Las primeras semanas traté de solucionar el
incordio a base de tranquilizantes menores o de hipnóticos suaves, pero en
ambos casos resultó un fracaso, y me despertaba de madrugada empapado en sudor
creyendo que era Napoleón en Waterloo o Jesucristo incapaz de andar sobre las
aguas, por poner dos de los ejemplos más significativos. Tras este primer (y
fallido) intento, empecé a utilizar remedios más naturales, empezando por las
tisanas de todo pelaje, y continuando con los medios habituales en época de
nuestros abuelos. Es decir, el recuento pormenorizado de ganado ovino saltando
una valla, o la enumeración de los números impares ad infinitum. Este recurso
dio resultado durante unos días, hasta que por no sé que extraño antojo, a mi
mente le dio por cambiar las ovejas por terneras con el fracaso consiguiente,
pues a su tierna edad, estos futuros segundos platos se negaban a hacerlo, o no
lo lograban con sus aparatosas consecuencias. Y los números impares tenían
además que ser primos, misión imposible.
Sin embargo, pocos días después de este
fracaso estrepitoso, se operó en mi interior un cambio radical a través de un
proceso del que desconozco su origen, pero que por lo que a continuación diré,
debió tener algo que ver con acontecimientos externos.

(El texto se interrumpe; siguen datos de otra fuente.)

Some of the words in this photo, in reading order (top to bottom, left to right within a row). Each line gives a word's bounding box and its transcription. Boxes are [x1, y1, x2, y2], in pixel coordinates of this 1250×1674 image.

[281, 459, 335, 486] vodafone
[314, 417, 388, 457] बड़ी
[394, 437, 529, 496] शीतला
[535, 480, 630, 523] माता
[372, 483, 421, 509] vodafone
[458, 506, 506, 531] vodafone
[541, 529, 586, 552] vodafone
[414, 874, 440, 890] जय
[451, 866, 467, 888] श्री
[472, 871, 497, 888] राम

El hecho fue que a partir de cierto día,
cuando mi desesperación estaba alcanzando unas cotas que me hacían sopesar la
posibilidad saltar por la ventana, al cerrar los ojos para intentar dormir, se
me presentó como una ensoñación, un círculo brillante que me sumergió de
inmediato en un sueño reparador del que no desperté hasta la mañana siguiente.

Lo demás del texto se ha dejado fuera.